Change the World

A Gay Dad's Message from the Heart to his Facebook Friends

A Facebook message from the heart by gay dad Michael Anderson as he reflects on the outcome of the election and what it may mean for his family and loved ones.

Bear with me. Here’s my only political post for the year: To my friends who voted for Trump, I get it. Really, honestly I do. I’m all about change and flushing our stagnant government system. It needs it.

Unfortunately, and as I’m sure you know, many groups of Americans feel there are serious consequences for them with this particular president-elect and his vice president-elect. It’s easy to get caught up in our lives and our problems and not worry about the lives of people who don’t seem relatable to us. We are all guilty of this. I am guilty of this.

But I am from one of these concerned groups, and you know me. You might even like me. And I’m always impressed when people from my past who I’ve made the mistake of assuming they wouldn’t be accepting make even the simplest of gestures by “liking” a photo of my family on Facebook. It’s meaningful. You see that my family is just like yours or the other families in your life.

We have our ups and downs like you do and make tough choices so that we can give our kid the best life possible. My life with my family is more than what 14-year-old me could have ever hoped for and it’s amazing to feel supported. There is also security in knowing that we are married in the eyes of the law and that the government sees our kid’s adoption and our family as protected and legitimate.
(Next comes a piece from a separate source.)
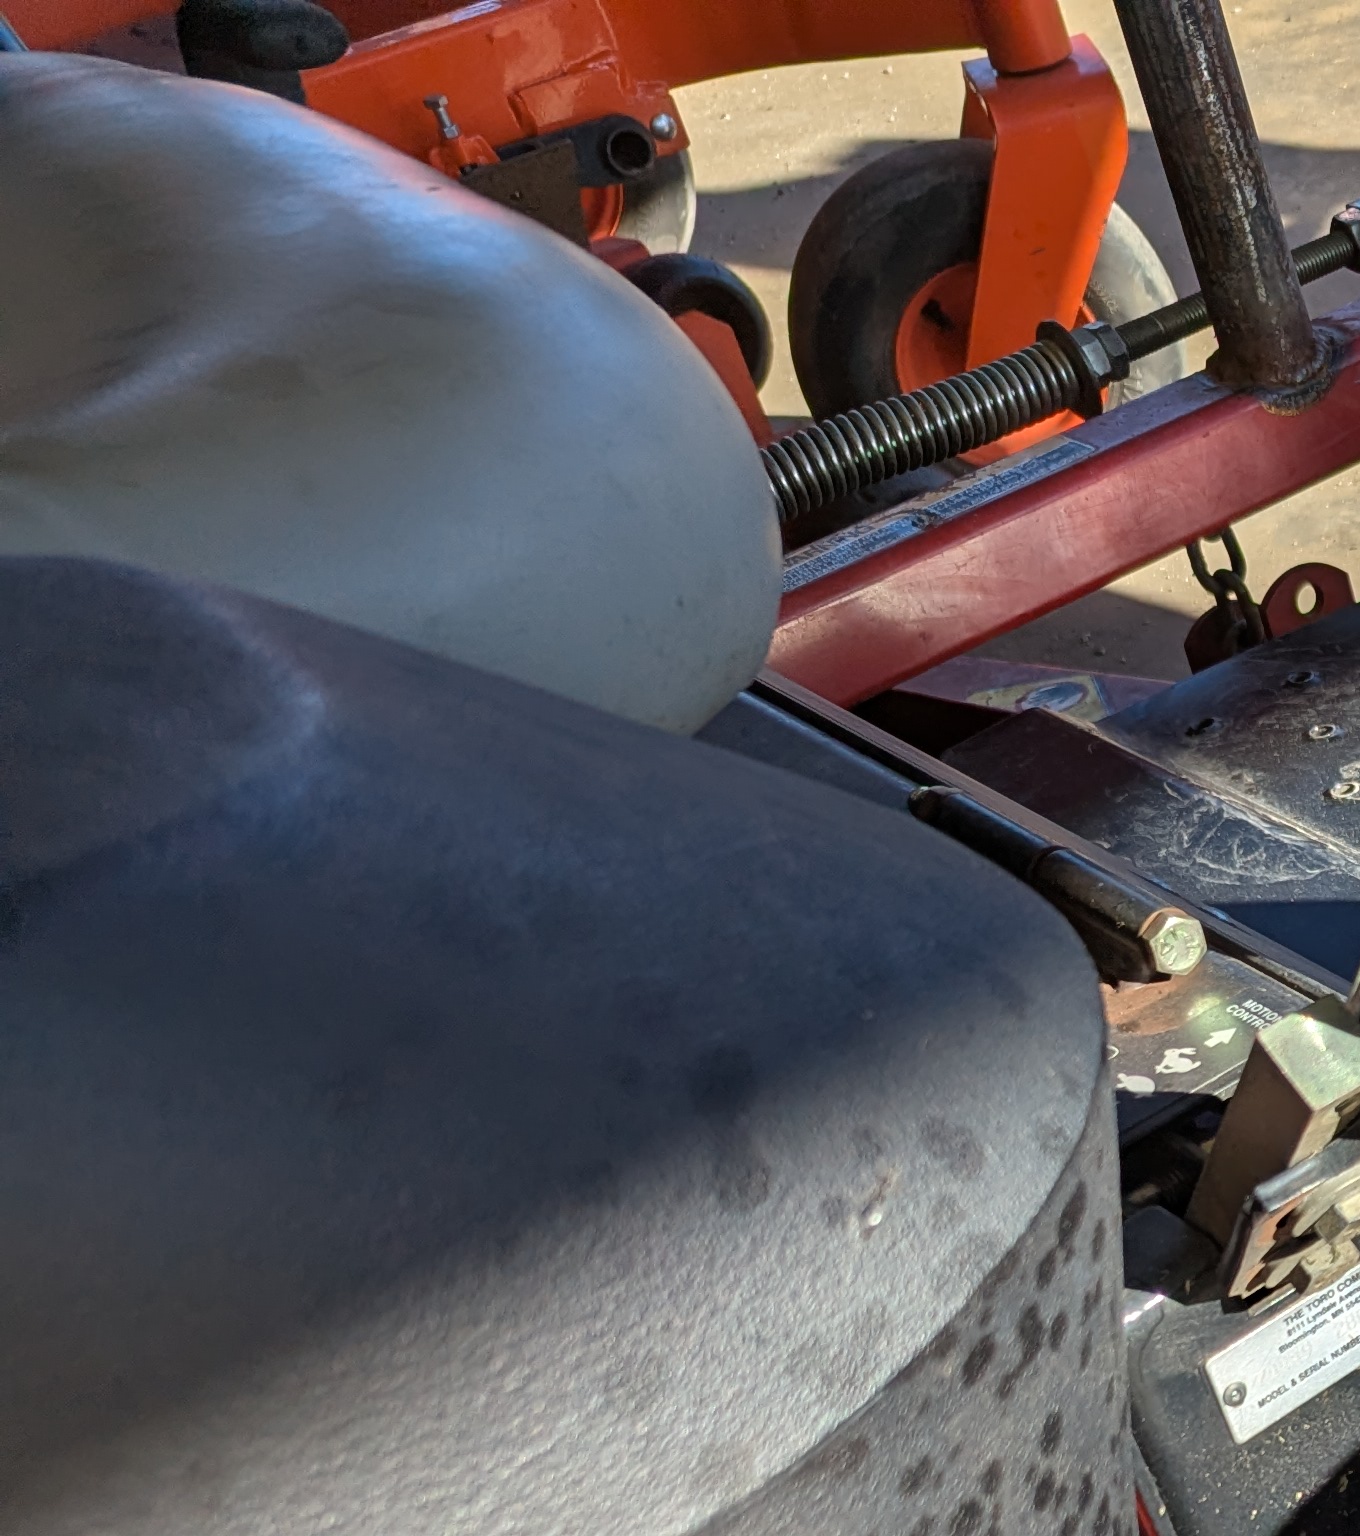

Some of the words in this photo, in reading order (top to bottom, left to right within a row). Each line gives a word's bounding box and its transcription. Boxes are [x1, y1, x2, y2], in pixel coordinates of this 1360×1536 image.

But I suddenly don’t feel secure anymore. Vice president-elect Pence has an extensive anti-gay record from supporting gay conversion therapy on kids that literally includes trying to (but failing to) electro-shock the gay out, to signing legislation in his state in 2013 to jail any same-sex couple who attempted to get a marriage certificate. All of the progress that we have made that gives my family a sense of belonging and security is very likely to be erased.

But worse than that for me is this: I’ve always known that there are plenty of crazy people out there who would hurt me just for who I am, or hurt my family for who we are, but I have always felt this sense of protection, that there is this greater good around us, and a government that in the end would protect me even in the days when they didn’t agree with me.

But suddenly that is gone. I’m scared that there are people out there who feel empowered because our president-elect has not distanced himself from the KKK and other hate groups. Without condemnation comes permission, and I honestly don’t feel like government under this administration would do much to protect me. I’m scared for the future. I’m scared for me, I’m scared for my family, and more than anything I’m scared for my multiracial daughter who isn’t old enough yet to understand that people are out there who will hurt her or demean her simply for the color of her skin or because she is female.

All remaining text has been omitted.